When I woke, Mié was gently stroking my head. I pulled her into my arms and kissed her soft lips. She lay upon me, legs to each side of me, then punched the remote to invite Vivaldi into bed with us. As the hot morning sun began to brighten up the room, we made love, made love throughout the Four Seasons.
Later that morning, we drove with the top of her car open, windows down and music blaring to Umi-no-Nakamichi, a long narrow strand of sand and pines that continued for several miles until it reached a small island forming the northern edge of the Hakata Bay. Pine sand and sea lay on either side of the derelict two-lane road. We arrived at a small inlet, which had been roped off to keep the jellyfish away, and paid a few hundred yen to the old woman running the umi-no-iebeach house. Passing through the makeshift hut with old tatami floors and low folding tables we walked out to the beach which was crowded with hundreds of others who had come to do the same.

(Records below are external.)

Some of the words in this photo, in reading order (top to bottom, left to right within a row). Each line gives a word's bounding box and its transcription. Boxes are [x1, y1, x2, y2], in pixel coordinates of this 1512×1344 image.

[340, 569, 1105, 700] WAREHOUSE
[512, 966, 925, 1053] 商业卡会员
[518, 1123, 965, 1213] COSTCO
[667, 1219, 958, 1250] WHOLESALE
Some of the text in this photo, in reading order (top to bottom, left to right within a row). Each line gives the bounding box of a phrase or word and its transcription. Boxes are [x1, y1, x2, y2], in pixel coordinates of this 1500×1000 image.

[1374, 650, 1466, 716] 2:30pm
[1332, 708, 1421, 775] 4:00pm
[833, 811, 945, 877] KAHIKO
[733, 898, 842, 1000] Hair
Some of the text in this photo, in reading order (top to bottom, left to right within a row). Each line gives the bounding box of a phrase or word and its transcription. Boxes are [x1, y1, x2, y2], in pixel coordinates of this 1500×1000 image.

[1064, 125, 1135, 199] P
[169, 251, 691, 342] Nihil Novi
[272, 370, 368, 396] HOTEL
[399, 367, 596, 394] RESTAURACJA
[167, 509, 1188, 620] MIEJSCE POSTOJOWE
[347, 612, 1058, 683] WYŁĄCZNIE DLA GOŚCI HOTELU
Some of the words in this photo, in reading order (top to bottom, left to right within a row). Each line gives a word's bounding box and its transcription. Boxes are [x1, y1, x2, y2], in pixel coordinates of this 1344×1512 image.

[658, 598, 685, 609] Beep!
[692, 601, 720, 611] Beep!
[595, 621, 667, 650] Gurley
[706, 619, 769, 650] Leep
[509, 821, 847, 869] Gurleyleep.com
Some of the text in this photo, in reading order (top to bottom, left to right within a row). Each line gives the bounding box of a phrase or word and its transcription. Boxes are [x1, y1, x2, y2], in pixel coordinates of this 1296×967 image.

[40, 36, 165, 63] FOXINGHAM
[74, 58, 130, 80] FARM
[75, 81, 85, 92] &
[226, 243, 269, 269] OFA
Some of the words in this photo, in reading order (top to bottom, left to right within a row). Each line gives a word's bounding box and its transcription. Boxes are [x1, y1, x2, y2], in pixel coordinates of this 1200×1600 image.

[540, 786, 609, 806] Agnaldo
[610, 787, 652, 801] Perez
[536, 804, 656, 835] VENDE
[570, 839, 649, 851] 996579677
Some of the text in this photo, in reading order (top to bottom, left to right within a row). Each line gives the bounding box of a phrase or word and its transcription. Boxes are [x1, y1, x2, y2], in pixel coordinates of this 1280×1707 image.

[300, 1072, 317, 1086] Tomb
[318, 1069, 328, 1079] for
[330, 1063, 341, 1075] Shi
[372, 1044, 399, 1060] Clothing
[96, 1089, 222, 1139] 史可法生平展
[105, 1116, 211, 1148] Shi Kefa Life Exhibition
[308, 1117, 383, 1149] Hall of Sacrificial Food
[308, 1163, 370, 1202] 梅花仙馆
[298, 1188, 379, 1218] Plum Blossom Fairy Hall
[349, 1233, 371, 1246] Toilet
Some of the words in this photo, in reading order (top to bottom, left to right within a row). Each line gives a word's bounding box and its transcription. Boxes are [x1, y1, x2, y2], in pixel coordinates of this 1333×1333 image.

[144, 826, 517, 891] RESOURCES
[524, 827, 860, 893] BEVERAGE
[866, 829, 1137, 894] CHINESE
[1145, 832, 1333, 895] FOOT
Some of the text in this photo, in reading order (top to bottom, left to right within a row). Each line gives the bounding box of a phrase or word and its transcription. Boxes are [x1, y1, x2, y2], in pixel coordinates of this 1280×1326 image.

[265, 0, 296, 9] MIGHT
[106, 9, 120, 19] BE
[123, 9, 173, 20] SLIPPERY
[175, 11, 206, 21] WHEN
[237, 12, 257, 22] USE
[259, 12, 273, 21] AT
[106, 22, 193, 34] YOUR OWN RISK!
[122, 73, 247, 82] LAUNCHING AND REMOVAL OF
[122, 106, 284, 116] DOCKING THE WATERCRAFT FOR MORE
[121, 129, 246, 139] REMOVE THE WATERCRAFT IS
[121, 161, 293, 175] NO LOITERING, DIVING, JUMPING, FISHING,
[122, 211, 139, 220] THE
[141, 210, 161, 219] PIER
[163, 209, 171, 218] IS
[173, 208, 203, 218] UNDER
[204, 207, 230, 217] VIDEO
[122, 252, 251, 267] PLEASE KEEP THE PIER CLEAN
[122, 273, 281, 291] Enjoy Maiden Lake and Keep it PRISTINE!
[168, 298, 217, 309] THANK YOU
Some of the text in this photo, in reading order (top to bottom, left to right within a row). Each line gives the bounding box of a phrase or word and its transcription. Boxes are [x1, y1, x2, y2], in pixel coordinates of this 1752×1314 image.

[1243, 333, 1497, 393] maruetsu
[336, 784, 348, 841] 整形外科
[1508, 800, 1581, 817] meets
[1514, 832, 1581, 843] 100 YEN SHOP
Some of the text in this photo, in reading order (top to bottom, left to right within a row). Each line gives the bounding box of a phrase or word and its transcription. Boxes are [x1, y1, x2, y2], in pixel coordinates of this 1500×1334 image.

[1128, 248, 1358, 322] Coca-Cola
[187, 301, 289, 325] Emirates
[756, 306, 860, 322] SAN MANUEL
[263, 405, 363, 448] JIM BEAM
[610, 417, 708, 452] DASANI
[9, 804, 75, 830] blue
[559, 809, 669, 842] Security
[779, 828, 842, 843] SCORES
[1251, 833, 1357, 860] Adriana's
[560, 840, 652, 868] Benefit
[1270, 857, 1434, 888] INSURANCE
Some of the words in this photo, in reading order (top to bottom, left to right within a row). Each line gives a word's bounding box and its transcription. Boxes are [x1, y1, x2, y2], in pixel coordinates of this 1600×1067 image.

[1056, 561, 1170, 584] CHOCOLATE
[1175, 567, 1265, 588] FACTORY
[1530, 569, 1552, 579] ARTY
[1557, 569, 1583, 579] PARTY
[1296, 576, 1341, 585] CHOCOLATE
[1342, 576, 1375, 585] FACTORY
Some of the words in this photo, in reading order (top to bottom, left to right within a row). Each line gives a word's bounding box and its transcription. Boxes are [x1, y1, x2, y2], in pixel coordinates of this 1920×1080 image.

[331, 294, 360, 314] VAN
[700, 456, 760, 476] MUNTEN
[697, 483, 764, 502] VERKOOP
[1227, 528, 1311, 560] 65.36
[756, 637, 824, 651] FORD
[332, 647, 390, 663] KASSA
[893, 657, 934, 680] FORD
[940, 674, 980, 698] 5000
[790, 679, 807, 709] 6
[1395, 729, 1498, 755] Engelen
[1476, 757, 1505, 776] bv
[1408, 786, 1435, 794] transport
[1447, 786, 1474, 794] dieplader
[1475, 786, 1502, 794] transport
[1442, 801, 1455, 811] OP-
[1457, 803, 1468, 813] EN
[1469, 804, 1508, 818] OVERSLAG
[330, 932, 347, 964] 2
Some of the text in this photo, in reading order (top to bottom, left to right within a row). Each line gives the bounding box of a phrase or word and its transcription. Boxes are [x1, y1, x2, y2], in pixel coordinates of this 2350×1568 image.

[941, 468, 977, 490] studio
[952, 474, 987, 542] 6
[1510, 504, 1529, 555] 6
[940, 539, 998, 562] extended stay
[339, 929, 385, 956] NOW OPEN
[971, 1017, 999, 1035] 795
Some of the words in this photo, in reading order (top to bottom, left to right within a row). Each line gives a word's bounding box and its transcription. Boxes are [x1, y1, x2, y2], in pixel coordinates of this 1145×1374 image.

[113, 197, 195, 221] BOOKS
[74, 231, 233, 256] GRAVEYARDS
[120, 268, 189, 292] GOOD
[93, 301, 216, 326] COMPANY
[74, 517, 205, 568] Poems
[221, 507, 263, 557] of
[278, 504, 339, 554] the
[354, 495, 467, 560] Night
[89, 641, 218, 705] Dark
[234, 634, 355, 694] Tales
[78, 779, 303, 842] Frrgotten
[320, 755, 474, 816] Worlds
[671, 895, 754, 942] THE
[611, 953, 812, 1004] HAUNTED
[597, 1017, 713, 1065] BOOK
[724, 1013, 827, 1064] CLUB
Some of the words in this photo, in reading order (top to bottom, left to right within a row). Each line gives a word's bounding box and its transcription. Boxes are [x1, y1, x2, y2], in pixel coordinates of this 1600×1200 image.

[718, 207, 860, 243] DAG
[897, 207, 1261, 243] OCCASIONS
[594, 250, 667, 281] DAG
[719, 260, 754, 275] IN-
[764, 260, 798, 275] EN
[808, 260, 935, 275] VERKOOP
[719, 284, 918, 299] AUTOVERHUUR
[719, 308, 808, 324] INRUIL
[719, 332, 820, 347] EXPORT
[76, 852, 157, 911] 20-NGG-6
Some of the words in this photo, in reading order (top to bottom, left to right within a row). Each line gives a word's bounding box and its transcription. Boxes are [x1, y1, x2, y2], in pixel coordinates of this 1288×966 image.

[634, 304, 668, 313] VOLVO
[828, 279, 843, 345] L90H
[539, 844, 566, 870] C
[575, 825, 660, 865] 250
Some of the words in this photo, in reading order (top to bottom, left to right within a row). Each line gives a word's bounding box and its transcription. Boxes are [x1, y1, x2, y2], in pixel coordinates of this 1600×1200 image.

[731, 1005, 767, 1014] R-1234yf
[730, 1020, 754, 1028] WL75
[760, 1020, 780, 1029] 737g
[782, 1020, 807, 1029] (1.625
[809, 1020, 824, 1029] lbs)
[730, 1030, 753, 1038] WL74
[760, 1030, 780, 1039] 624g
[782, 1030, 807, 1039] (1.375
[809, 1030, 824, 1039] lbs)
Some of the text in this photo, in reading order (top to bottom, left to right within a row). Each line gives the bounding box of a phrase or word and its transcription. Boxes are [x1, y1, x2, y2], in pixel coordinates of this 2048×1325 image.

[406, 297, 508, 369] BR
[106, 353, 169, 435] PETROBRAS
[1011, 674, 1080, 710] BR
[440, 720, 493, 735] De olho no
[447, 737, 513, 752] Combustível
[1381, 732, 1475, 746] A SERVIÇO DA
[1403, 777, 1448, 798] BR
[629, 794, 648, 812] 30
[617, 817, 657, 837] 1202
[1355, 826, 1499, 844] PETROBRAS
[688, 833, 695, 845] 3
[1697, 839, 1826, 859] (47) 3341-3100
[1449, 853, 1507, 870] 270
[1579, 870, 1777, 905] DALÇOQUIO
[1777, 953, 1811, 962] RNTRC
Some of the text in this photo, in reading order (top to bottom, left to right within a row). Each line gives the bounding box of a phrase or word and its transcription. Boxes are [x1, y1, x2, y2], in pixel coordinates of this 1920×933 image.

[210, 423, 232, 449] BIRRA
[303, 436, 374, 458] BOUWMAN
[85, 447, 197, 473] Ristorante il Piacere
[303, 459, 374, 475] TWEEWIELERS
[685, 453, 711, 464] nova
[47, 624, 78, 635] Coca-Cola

By eleven the sun was burning down on us, burning indelible tans into the backs of children. The only refuge was either the crowded umi-no-ie hut or the sea, so Mié and I took a long swim, waded in each others’ arms or floated on our backs in the warm, shallow water.
Although I’d eventually get so severely sunburnt that I’d end up lying awake at night trembling in agony, it was one of my happiest days in Japan. On the way back to Mié’s apartment with my lobster red hand resting between her tanned thighs, I sang along to the Chagé & Aska songs playing on her stereo, making her laugh the whole way.
“I love you,” she’d tell me with a long kiss when we arrived.
“What men need,” Yōko repeats, “is a woman who can cook and take care of the home. Someone like your Yu-chan in the office.”
I’m slapped out of my daydream by the absurdity of what Yōko has just said. Yumi, grayest of gray, as cold and bitchy as they came, may make a suitable Eva Braun for an Al Hitler, but suggesting that she’d make a good wife for me, why, that was insulting.
Yōko, reading the disagreement in my face, says, “See, Yu-chan’s gloomy and, well, she isn’t much to look at, but she really would make a very good wife for you, Peadar. You just don’t know it yet.”
Good grief!
[1] Barker is another one of those unfortunate names foreigners can have. Barker is pronounced in Japanese as Bahkah or Baka, which means “idiot” or “fool”. I once had a Chinese teacher whose husband’s name was pronounced in Japanese as Chiketsu, which sounds like “bloody arsehole”.